Muy buenos dias! I know it has been a while since I’ve posted on my blog and many of you have been expecting a post, but I have been pretty busy here in Quito. Not to say that I don’t miss you all terribly- because I do! My time here has had its ups and downs (mostly ups). I think that rather than try to impress you all with an intellectual, deep and meaningful blog, I would simply like to tell you what has been happening and what my life is like at this moment. Apologies to anyone expecting profound inspiration this week, I’ll try to get to that later.
I wish I had time and space to tell you all about fall training in the Redwoods and at Stanford. In short, the Redwoods were inspirational and uniting for our cohort as a whole. There I created the first bonds with this group. Stanford was more serious as we delved into some heavy topics. Stanford was where my critical thinking for the year began. If you would like to know more about fall training, check out some of my other fellows’ blogs. Plus, they have written it more eloquently than I could have.
Right now I’m living with a local family in Quito, the capital of Ecuador. Every day I go to Spanish classes for 4 hours in the mornings and the Global Citizen Year training until 5 pm or later. At training we have discussions and debates. It is a continuation of fall training, but only with the 52 Ecuador fellows and the Ecuador staff. So far, I love Ecuador. I love the people, the mountains, the food (with some exceptions), and even my 45 minute bus ride packed like sardines at 8 in the morning. Already, I feel more independent. I take pride in the first time I rode in a cab by myself and directed the driver in Spanish to a house I had lived in only a week. I enjoy being surrounded by the language I’m learning. I look forward to my hot cup of chocolate milk with bread and cheese for breakfast every morning.
However, I must be honest, not everything has gone so well in the last month since I began this journey with Global Citizen Year. I said I wouldn’t try to get into any heavier topics in this blog post, but here I go:
First, let’s go back to August 17, the night before I left Maine for San Fransisco, California. As my father can attest, this was not my best night. To be honest, I had a major freak out. Recently, I’ve had a problem of letting stress and emotions build up inside me until it all suddenly bursts out of me in a wave- no, more like a tsunami- of uncontrolled crying, heavy breathing, exhaustion, and occasionally even laughter (because I know how ridiculous I’m being). It’s really quite hideous. Already, this has happened twice within the last month, and I’m sure it is not the last of natural disaster Lillie. Thankfully, I have recovered quickly both times.
The second of these episodes is somewhat embarrassing to admit to. It happened two weekends ago. The trigger this time came when I learned what I am soon to be doing for the next 7 months. In retrospect, I don’t think this information was the worst of my problems, only the tipping point to my tub o’ feelings. At the time I was homesick and going through a bit of culture shock. But, I had pushed this down in anticipation of my placement announcement. The day went from low, to high, to lowest.
I’ll go ahead and tell you my placement.
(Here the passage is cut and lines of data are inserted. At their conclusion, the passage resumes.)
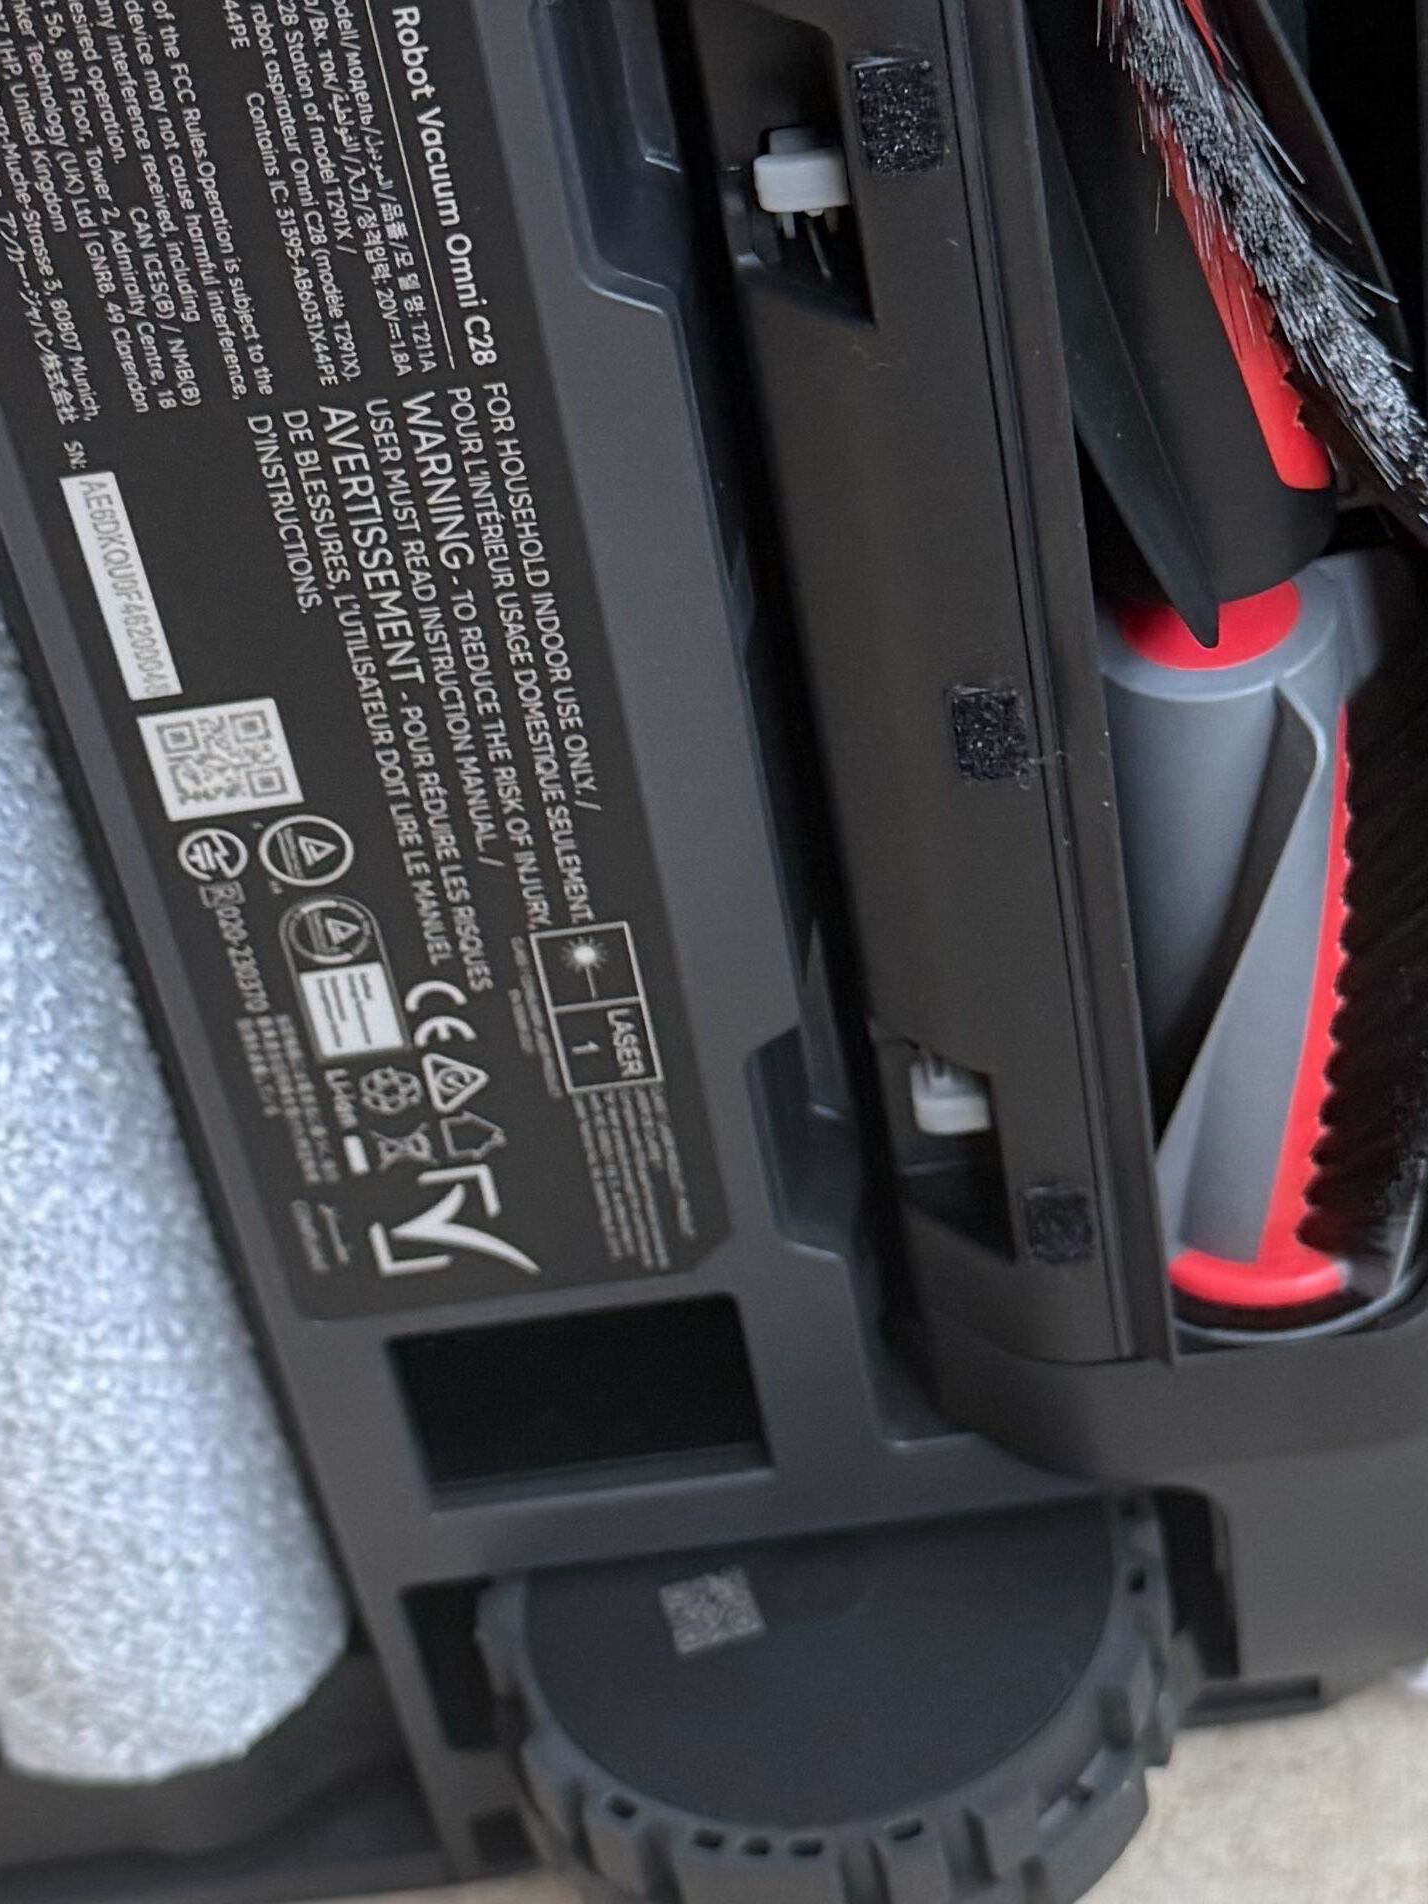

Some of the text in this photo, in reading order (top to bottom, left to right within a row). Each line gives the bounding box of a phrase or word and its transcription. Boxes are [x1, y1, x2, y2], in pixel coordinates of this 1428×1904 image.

[42, 10, 67, 45] 56,
[157, 23, 181, 59] the
[248, 1, 279, 58] robot
[24, 39, 70, 148] Technology
[52, 47, 80, 83] 8th
[168, 61, 197, 104] FCC
[283, 28, 315, 100] Station
[64, 85, 95, 143] Floor,
[84, 64, 128, 165] operation.
[262, 58, 303, 155] aspirateur
[301, 100, 326, 123] of
[53, 149, 86, 196] (UK)
[83, 143, 114, 203] Tower
[288, 156, 321, 208] Omni
[307, 125, 341, 185] model
[69, 196, 99, 229] Ltd
[99, 204, 122, 226] 2,
[323, 184, 355, 241] T291X
[390, 4, 498, 367] Robot Vacuum Omni C28
[127, 205, 157, 250] CAN
[301, 208, 329, 246] C28
[41, 277, 64, 297] 3,
[106, 227, 148, 318] Admiralty
[221, 255, 243, 275] is
[308, 246, 346, 320] (modèle
[47, 296, 83, 352] 80807
[104, 299, 127, 325] 49
[226, 275, 261, 342] subject
[109, 325, 150, 414] Clarendon
[134, 319, 166, 387] Centre,
[245, 342, 265, 364] to
[331, 318, 362, 383] T291X).
[409, 318, 438, 374] T211A
[66, 354, 102, 422] Munich,
[155, 387, 178, 410] 18
[251, 364, 274, 396] the
[480, 380, 516, 435] FOR
[363, 396, 403, 465] USER
[445, 385, 485, 456] POUR
[381, 466, 422, 534] MUST
[400, 389, 476, 571] WARNING
[245, 412, 324, 615] D'INSTRUCTIONS.
[461, 456, 516, 590] L'INTÉRIEUR
[494, 436, 551, 588] HOUSEHOLD
[399, 537, 438, 603] READ
[449, 587, 478, 622] TO
[493, 590, 535, 666] USAGE
[529, 590, 573, 684] INDOOR
[281, 407, 453, 967] DE BLESSURES, L'UTILISATEUR DOIT LIRE LE MANUEL
[316, 404, 494, 992] AVERTISSEMENT POUR RÉDUIRE LES RISQUES
[416, 604, 476, 753] INSTRUCTION
[457, 624, 502, 717] REDUCE
[511, 666, 567, 803] DOMESTIQUE
[551, 684, 585, 731] USE
[480, 716, 514, 763] THE
[491, 764, 526, 815] RISK
[503, 815, 535, 847] OF
[397, 970, 479, 1052] CE
[568, 1036, 602, 1058] 1
[604, 1004, 647, 1080] LASER
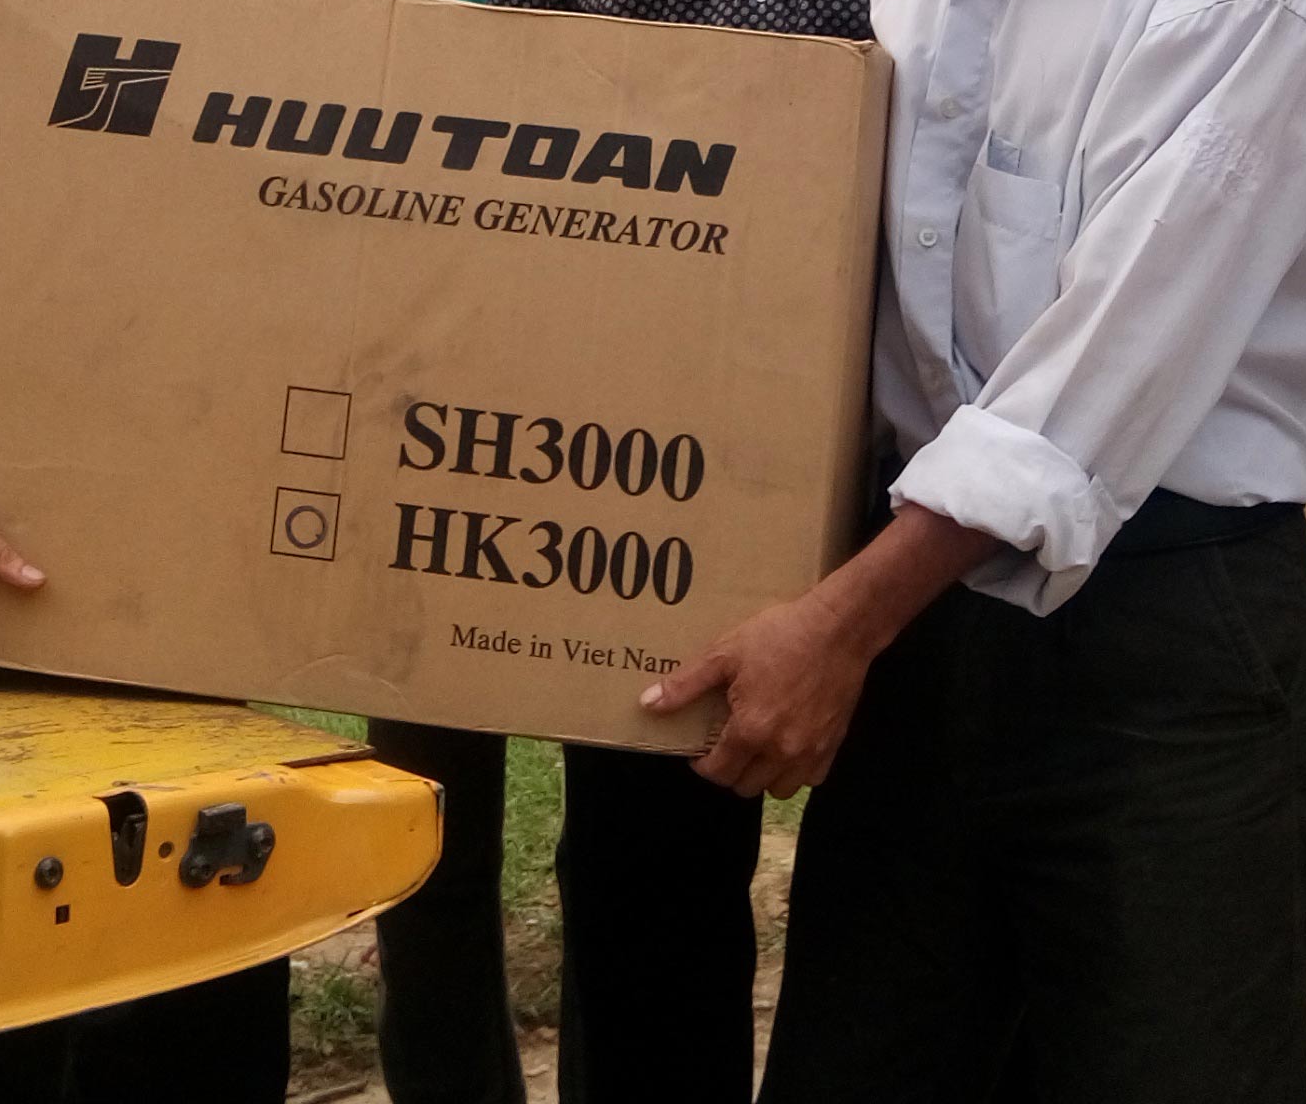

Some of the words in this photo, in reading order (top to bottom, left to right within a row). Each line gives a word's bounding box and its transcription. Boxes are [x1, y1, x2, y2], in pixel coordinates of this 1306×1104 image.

[258, 175, 465, 227] GASOLINE
[473, 198, 729, 255] GENERATOR
[398, 400, 704, 502] SH3000
[388, 502, 693, 606] HK3000
[450, 624, 521, 654] Made
[529, 634, 552, 659] in
[562, 638, 615, 667] Viet
For the next 7 months, starting this Saturday, I will be living and working in a town called Penipe in the mountain province of Chimborazo. My apprenticeship will be working with people (age 1-43) with mental and/or physical handicaps at a convent/orphanage in Penipe. Needless to say, it was a shock considering I had expected to be placed on a rural farm, or teaching English in a school, like the majority of the 52 fellows will be doing. It had never crossed my mind that I could be working with people with handicaps. I have zero experience, and this is a job for someone with a strong emotional grounding. As I have told you, emotions are not my thing at the moment. How could I possibly be successful in this?
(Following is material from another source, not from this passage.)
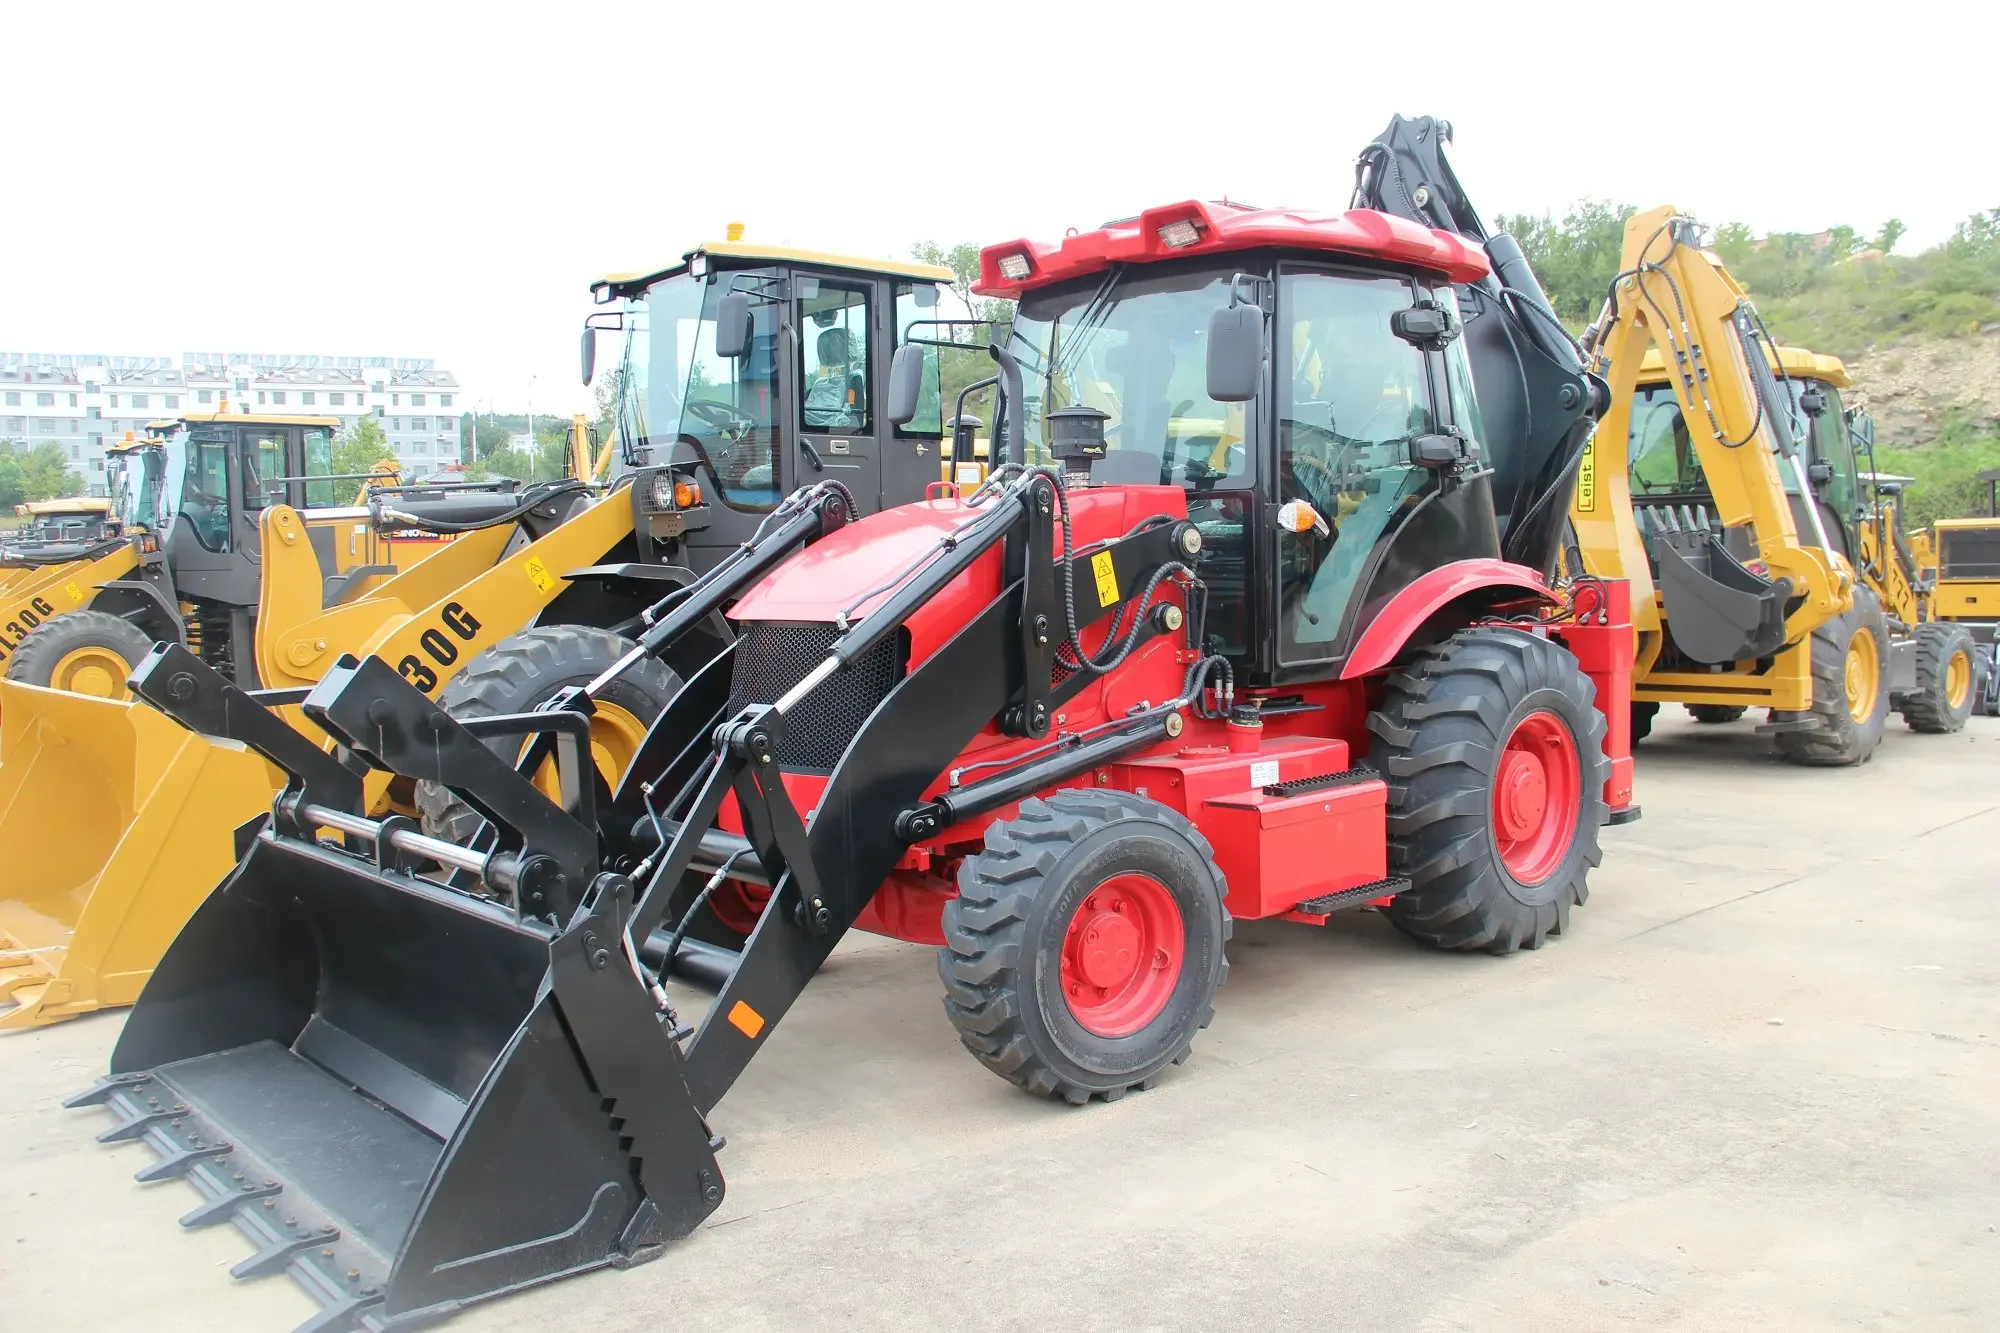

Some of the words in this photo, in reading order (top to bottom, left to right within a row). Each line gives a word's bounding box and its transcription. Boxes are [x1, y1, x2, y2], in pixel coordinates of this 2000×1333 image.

After a week or so of reflection, talking to family and friends (here and at home), and many prayers, I have come to the conclusion that I must have been placed where I am and given this opportunity for a reason. Whether it’s to give love to the people at the orphanage, to add meaning and purpose to my life, or some other reason, I plan to embrace it knowing I will learn so much more than I expected before coming here.
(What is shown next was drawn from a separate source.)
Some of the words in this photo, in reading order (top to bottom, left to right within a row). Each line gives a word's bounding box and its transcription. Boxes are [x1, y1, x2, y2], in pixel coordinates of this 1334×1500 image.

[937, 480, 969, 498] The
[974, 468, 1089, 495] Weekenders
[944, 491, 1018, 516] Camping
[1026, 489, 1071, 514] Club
I appreciate the support of each one of you. And I hope that you know I am definitely not here “saving the world” or even making a significant difference. When it comes down to it, my motives are innately selfish. I want to learn more about myself, define my purpose, become more independent, learn Spanish, etc. But I do hope that even in the smallest manner, I can make a difference in the lives of the people I meet along the way. Please, keep me in mind this Saturday as I travel to meet my new family and to begin working. I will try to update this blog more often, and check out my pictures on facebook if you can!
Thank you so much for your support!
Un abrazo,
Lillie
This post was written Friday, September 20. It has taken some time to be published, I will try to post again soon with more current updates. Sorry!